(Dataset entries)

»»

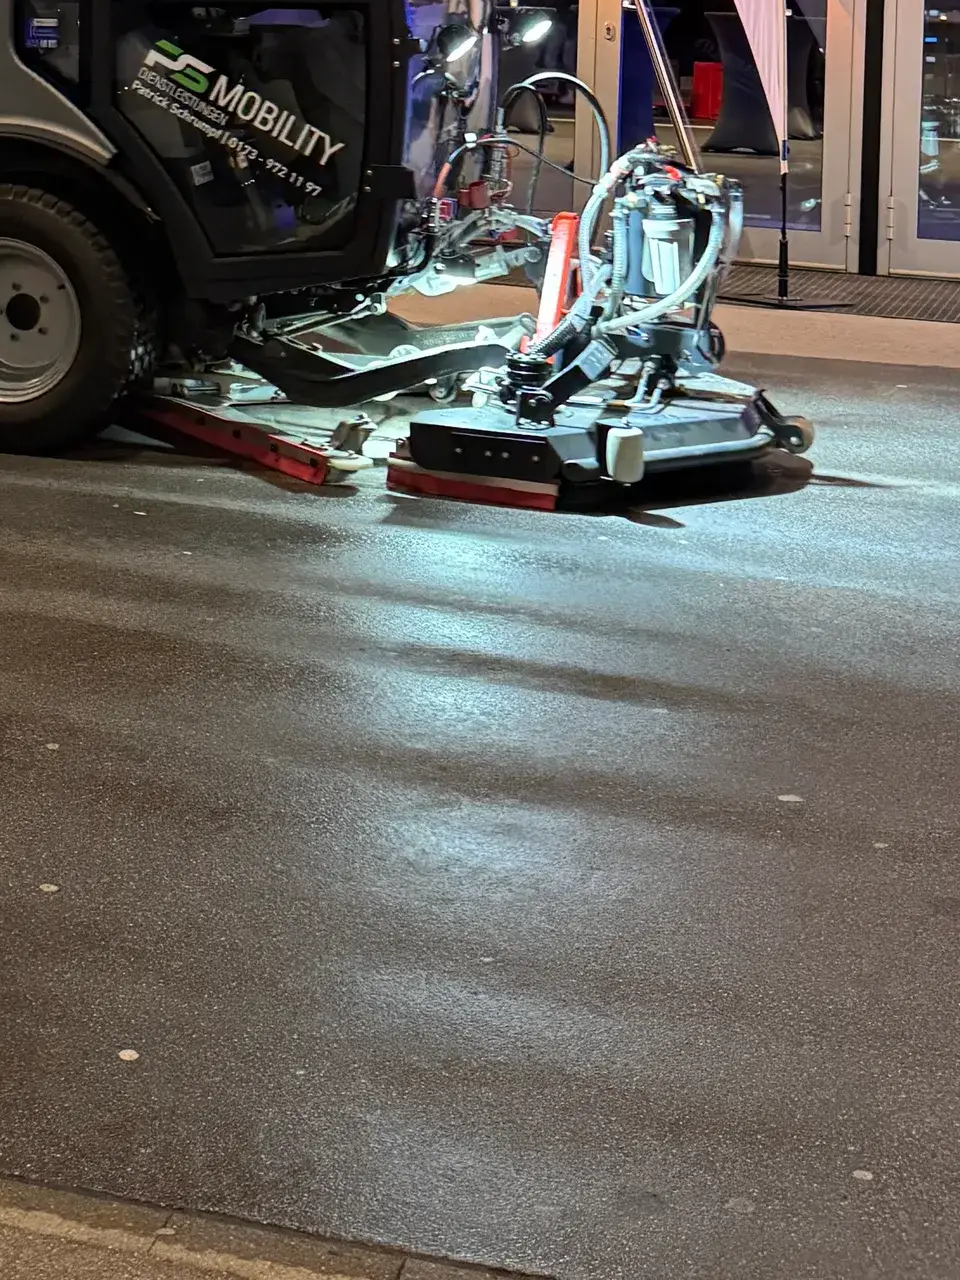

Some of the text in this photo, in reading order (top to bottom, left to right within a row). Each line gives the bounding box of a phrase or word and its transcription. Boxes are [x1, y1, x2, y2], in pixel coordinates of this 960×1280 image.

[131, 80, 170, 109] Patrick
[169, 103, 222, 139] Schrumpf
[227, 137, 258, 160] 0173
[265, 158, 289, 178] 972
[289, 172, 304, 188] 11
[304, 181, 323, 197] 97
[137, 67, 230, 126] DIENSTLEISTUNGEN
[208, 74, 345, 167] MOBILITY

««

**DIRECTIONS FOR THIS TASK**: Exactly as they appear above, write out all the entries, but not the images.

**REPLY TO THE EXERCISE**:
Some of the text in this photo, in reading order (top to bottom, left to right within a row). Each line gives the bounding box of a phrase or word and its transcription. Boxes are [x1, y1, x2, y2], in pixel coordinates of this 960×1280 image.

[131, 80, 170, 109] Patrick
[169, 103, 222, 139] Schrumpf
[227, 137, 258, 160] 0173
[265, 158, 289, 178] 972
[289, 172, 304, 188] 11
[304, 181, 323, 197] 97
[137, 67, 230, 126] DIENSTLEISTUNGEN
[208, 74, 345, 167] MOBILITY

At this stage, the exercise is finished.